- [TO DO]: Produce an exact copy of all the data below, dropping every image.

- [SUPPLIED ENTRIES]:
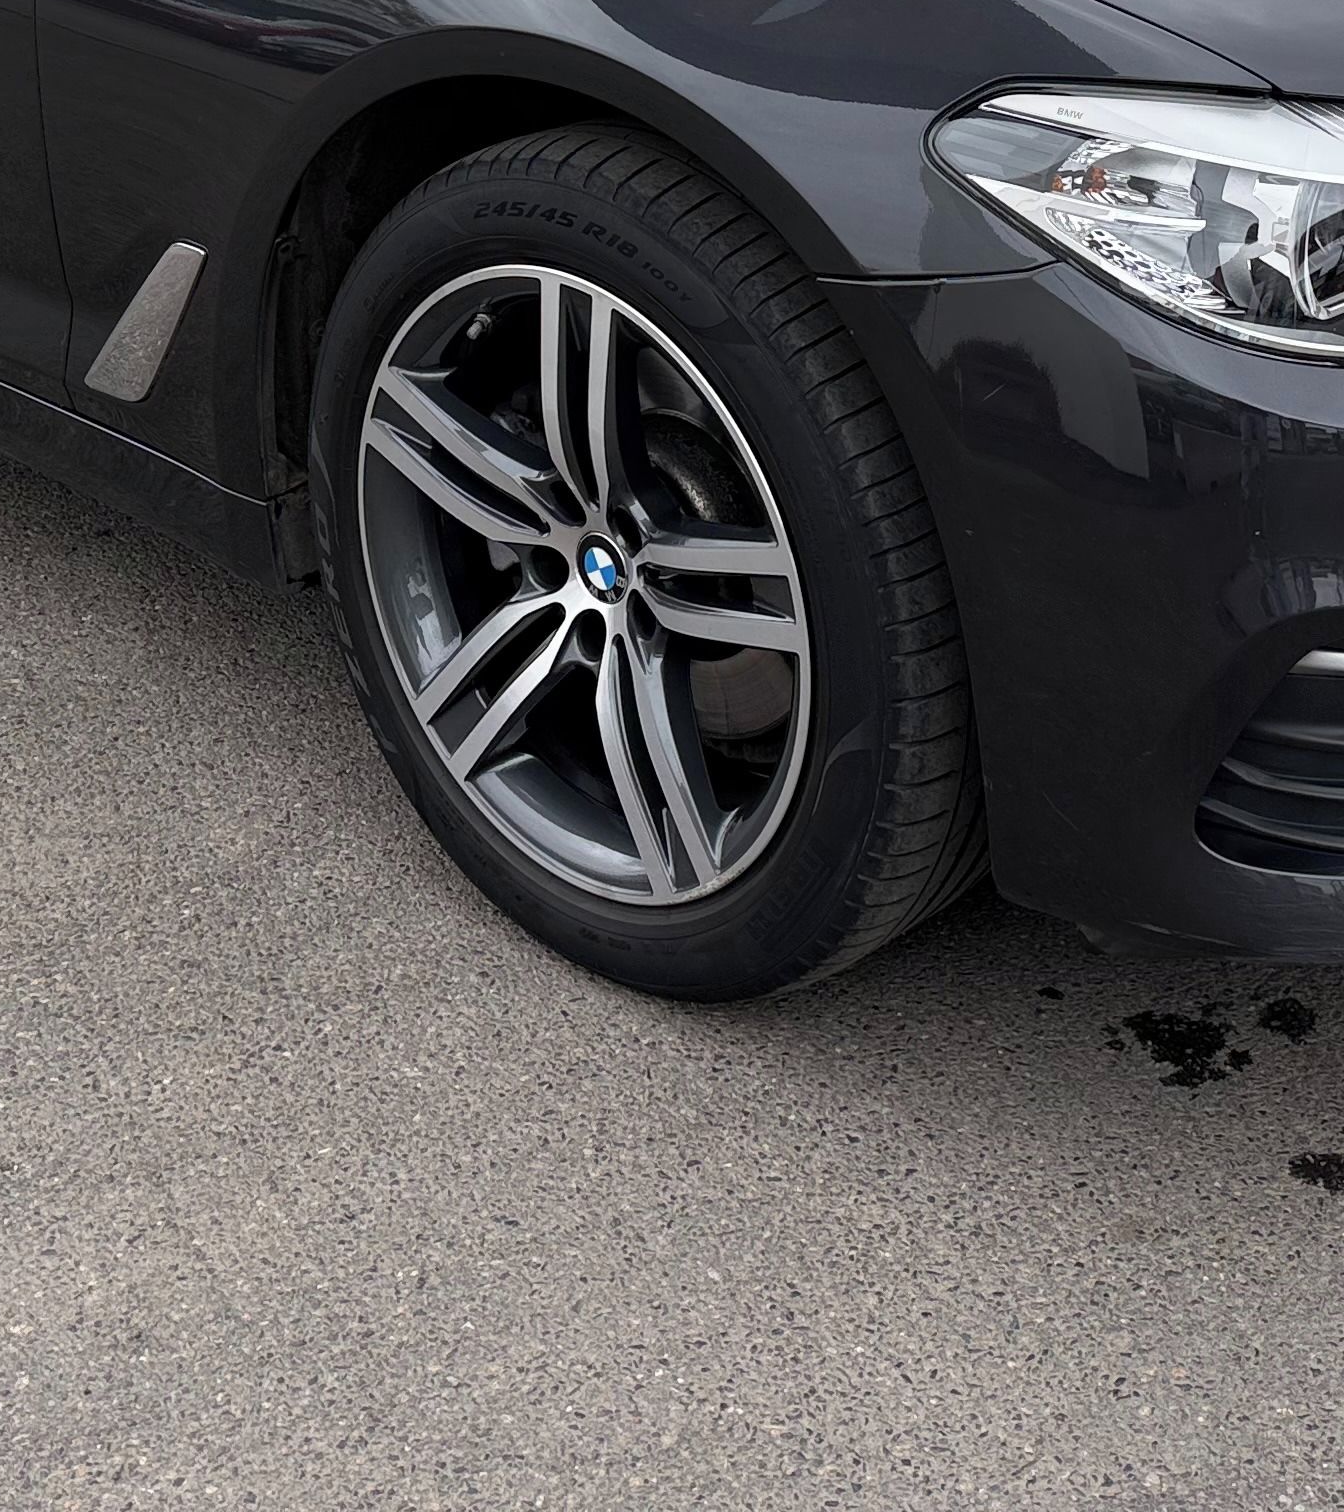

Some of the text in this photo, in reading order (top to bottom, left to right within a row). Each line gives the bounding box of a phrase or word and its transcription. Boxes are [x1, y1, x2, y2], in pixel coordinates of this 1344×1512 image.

[1057, 107, 1083, 119] BMW
[473, 201, 578, 228] 245/45
[582, 221, 639, 258] R18
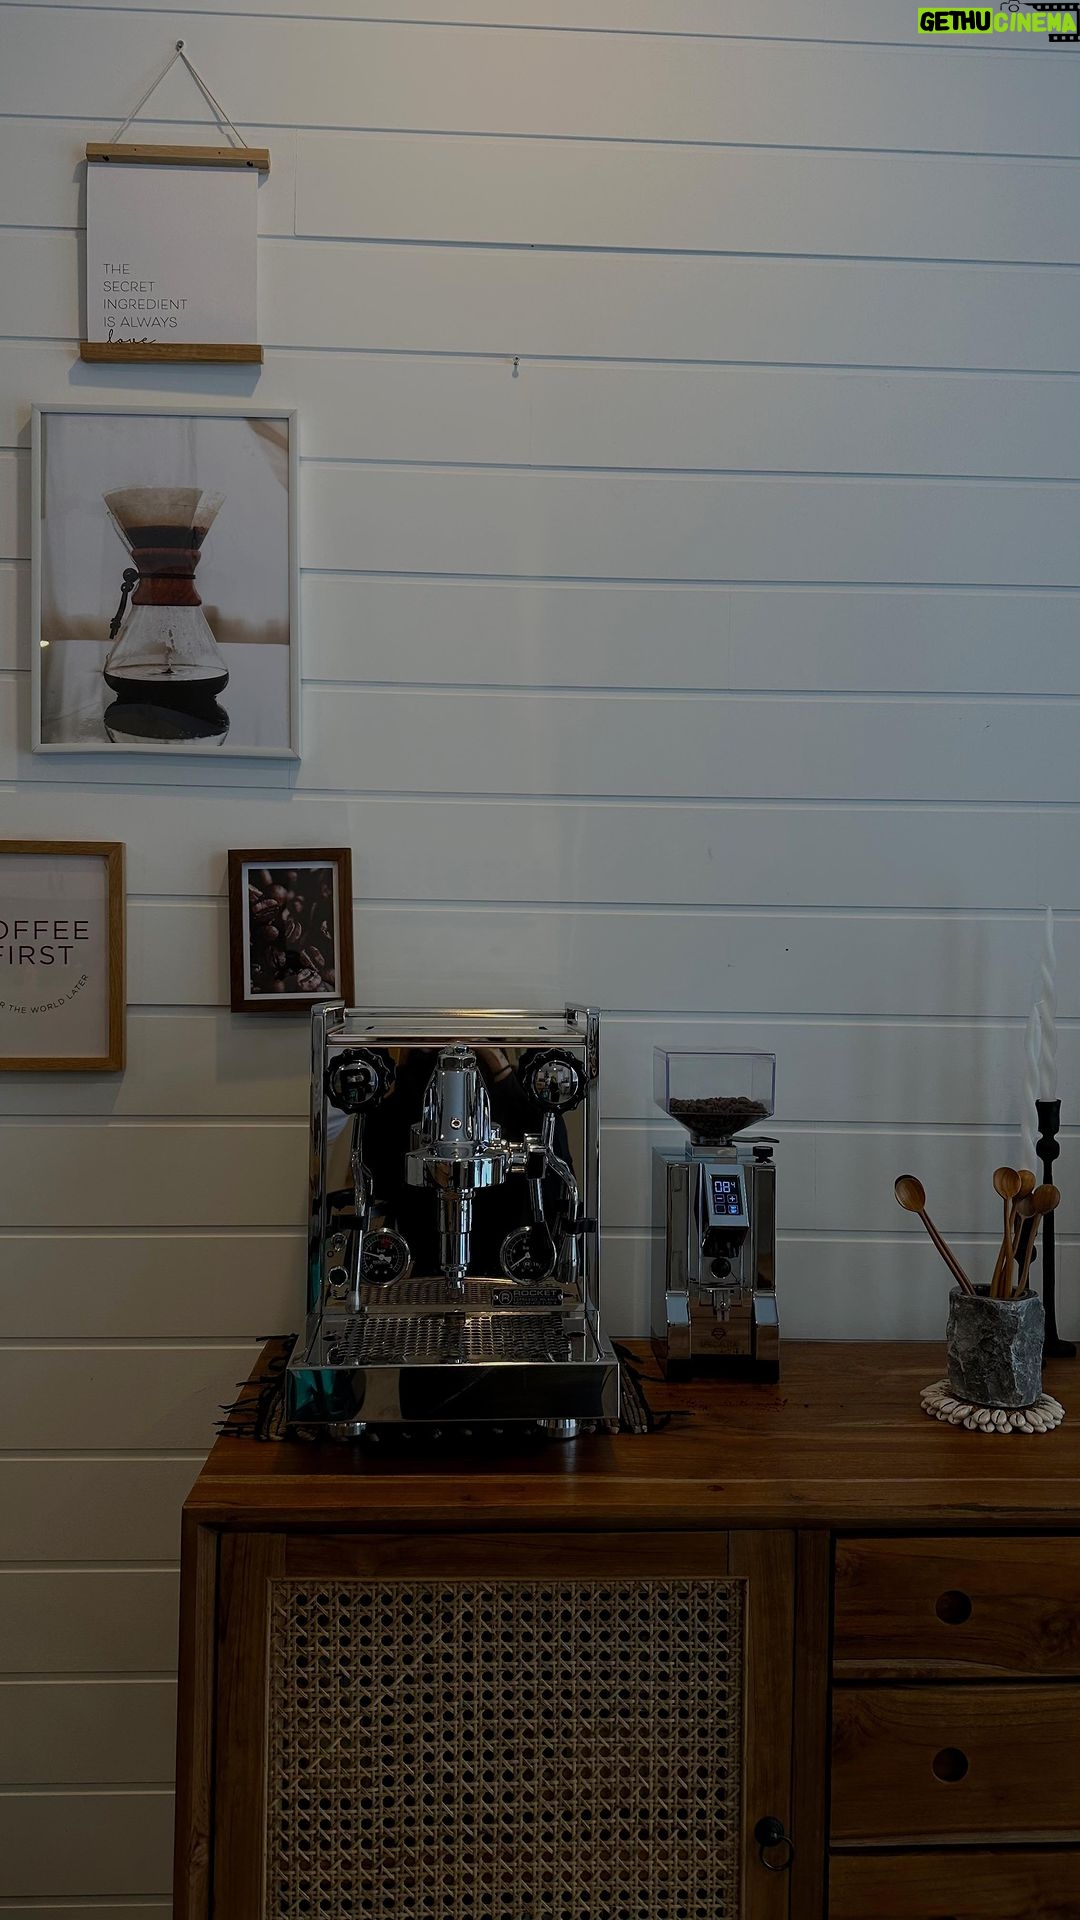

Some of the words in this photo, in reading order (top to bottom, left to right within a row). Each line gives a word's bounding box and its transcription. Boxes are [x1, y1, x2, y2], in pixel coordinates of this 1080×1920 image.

[103, 263, 130, 275] THE
[103, 281, 156, 292] SECRET
[103, 299, 188, 310] INGREDIENT
[103, 316, 115, 328] IS
[120, 316, 178, 328] ALWAYS
[0, 945, 74, 965] IRST
[9, 1004, 27, 1014] THE
[30, 998, 65, 1014] WORLD
[66, 974, 88, 1000] LATER
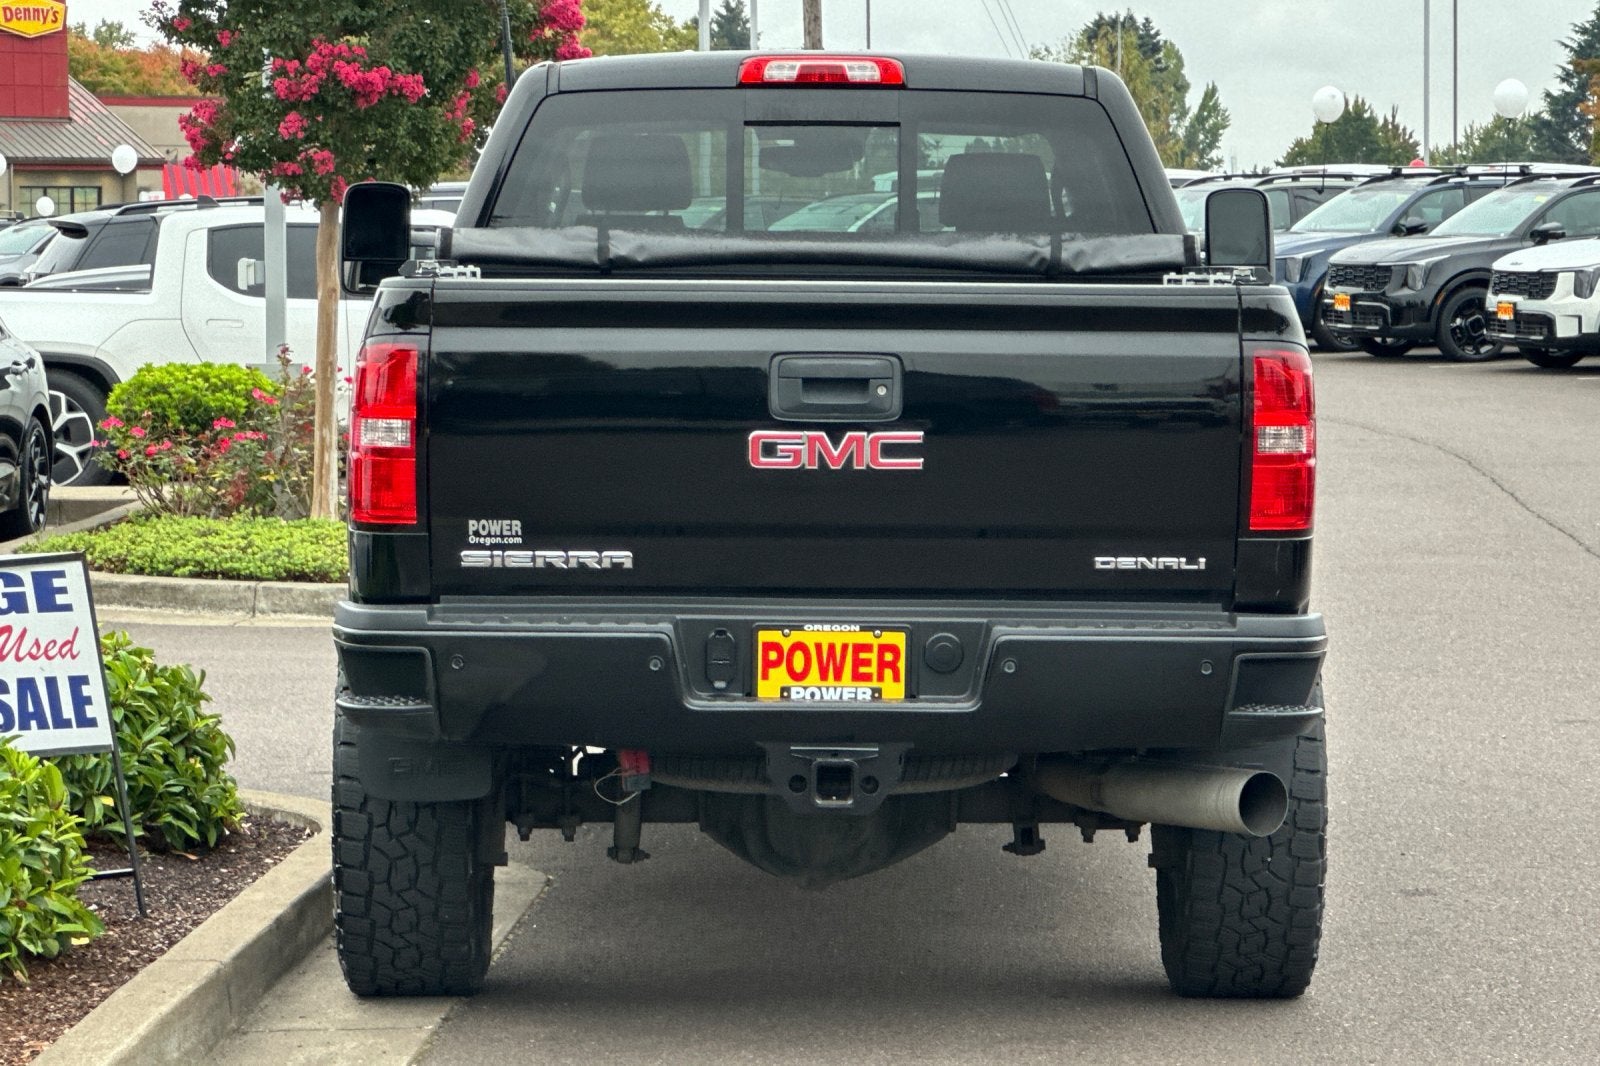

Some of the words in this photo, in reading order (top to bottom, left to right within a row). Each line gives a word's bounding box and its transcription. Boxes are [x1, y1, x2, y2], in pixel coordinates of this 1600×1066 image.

[2, 6, 60, 24] Denny's
[748, 430, 924, 470] GMC
[468, 519, 522, 536] POWER
[468, 535, 523, 546] Oregon.com
[460, 550, 634, 569] SIERRA
[1094, 556, 1207, 570] DENALI
[803, 624, 861, 632] OREGON
[0, 624, 80, 663] Used
[760, 640, 902, 683] POWER
[790, 686, 873, 700] POWER
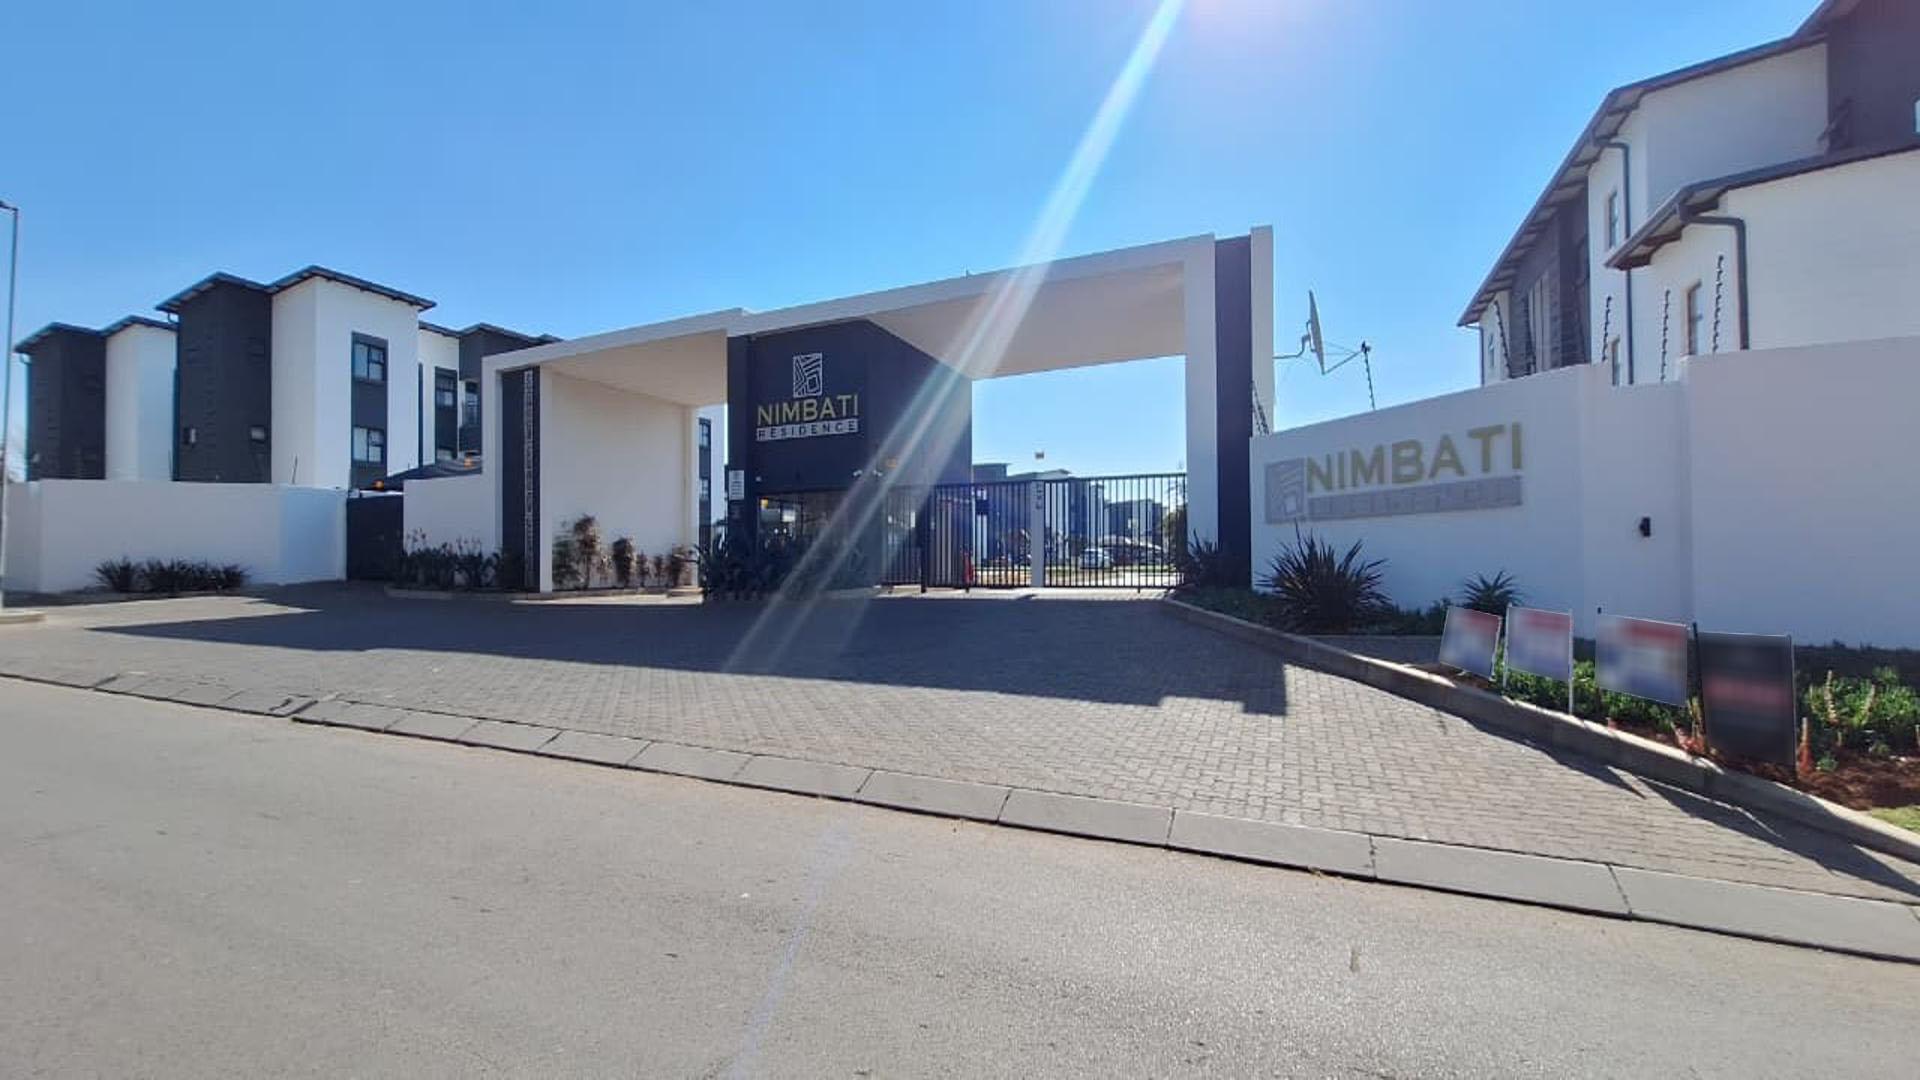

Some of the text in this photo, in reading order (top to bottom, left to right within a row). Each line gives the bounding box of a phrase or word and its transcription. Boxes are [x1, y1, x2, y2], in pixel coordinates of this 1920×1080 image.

- [REPLY]:
Some of the text in this photo, in reading order (top to bottom, left to right within a row). Each line gives the bounding box of a phrase or word and its transcription. Boxes are [x1, y1, x2, y2], in pixel coordinates of this 1344×1512 image.

[1057, 107, 1083, 119] BMW
[473, 201, 578, 228] 245/45
[582, 221, 639, 258] R18

Some of the words in this photo, in reading order (top to bottom, left to right within a row). Each line gives a word's bounding box and its transcription. Boxes are [x1, y1, x2, y2], in pixel coordinates of this 1080×1920 image.

[103, 263, 130, 275] THE
[103, 281, 156, 292] SECRET
[103, 299, 188, 310] INGREDIENT
[103, 316, 115, 328] IS
[120, 316, 178, 328] ALWAYS
[0, 945, 74, 965] IRST
[9, 1004, 27, 1014] THE
[30, 998, 65, 1014] WORLD
[66, 974, 88, 1000] LATER

Some of the words in this photo, in reading order (top to bottom, left to right within a row). Each line gives a word's bounding box and its transcription. Boxes are [x1, y1, x2, y2], in pixel coordinates of this 1600×1066 image.

[2, 6, 60, 24] Denny's
[748, 430, 924, 470] GMC
[468, 519, 522, 536] POWER
[468, 535, 523, 546] Oregon.com
[460, 550, 634, 569] SIERRA
[1094, 556, 1207, 570] DENALI
[803, 624, 861, 632] OREGON
[0, 624, 80, 663] Used
[760, 640, 902, 683] POWER
[790, 686, 873, 700] POWER

Some of the text in this photo, in reading order (top to bottom, left to right within a row). Each line gives the bounding box of a phrase or word and its transcription. Boxes are [x1, y1, x2, y2], in pixel coordinates of this 1920×1080 image.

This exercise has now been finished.